> _Work to complete_
Take the records below and write them out again exactly.

> _Provided records_
● ● ● ●

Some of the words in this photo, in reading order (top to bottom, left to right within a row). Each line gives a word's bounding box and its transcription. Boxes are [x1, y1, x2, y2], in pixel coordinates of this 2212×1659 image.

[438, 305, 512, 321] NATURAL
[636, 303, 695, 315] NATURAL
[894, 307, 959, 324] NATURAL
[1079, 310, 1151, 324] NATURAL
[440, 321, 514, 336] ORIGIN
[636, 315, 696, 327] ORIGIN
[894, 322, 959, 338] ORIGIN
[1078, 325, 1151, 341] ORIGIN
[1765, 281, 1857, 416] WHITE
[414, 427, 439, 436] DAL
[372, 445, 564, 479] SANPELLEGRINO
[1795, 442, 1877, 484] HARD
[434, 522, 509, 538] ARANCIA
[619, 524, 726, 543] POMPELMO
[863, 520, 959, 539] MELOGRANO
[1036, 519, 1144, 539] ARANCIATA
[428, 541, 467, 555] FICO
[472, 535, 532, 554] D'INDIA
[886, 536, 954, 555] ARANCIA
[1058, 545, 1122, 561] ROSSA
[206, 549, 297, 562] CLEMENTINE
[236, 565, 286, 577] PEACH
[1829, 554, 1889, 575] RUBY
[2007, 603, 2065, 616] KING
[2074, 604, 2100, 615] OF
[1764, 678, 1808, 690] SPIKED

● ● ● ●

> _Written answer_
Some of the words in this photo, in reading order (top to bottom, left to right within a row). Each line gives a word's bounding box and its transcription. Boxes are [x1, y1, x2, y2], in pixel coordinates of this 2212×1659 image.

[438, 305, 512, 321] NATURAL
[636, 303, 695, 315] NATURAL
[894, 307, 959, 324] NATURAL
[1079, 310, 1151, 324] NATURAL
[440, 321, 514, 336] ORIGIN
[636, 315, 696, 327] ORIGIN
[894, 322, 959, 338] ORIGIN
[1078, 325, 1151, 341] ORIGIN
[1765, 281, 1857, 416] WHITE
[414, 427, 439, 436] DAL
[372, 445, 564, 479] SANPELLEGRINO
[1795, 442, 1877, 484] HARD
[434, 522, 509, 538] ARANCIA
[619, 524, 726, 543] POMPELMO
[863, 520, 959, 539] MELOGRANO
[1036, 519, 1144, 539] ARANCIATA
[428, 541, 467, 555] FICO
[472, 535, 532, 554] D'INDIA
[886, 536, 954, 555] ARANCIA
[1058, 545, 1122, 561] ROSSA
[206, 549, 297, 562] CLEMENTINE
[236, 565, 286, 577] PEACH
[1829, 554, 1889, 575] RUBY
[2007, 603, 2065, 616] KING
[2074, 604, 2100, 615] OF
[1764, 678, 1808, 690] SPIKED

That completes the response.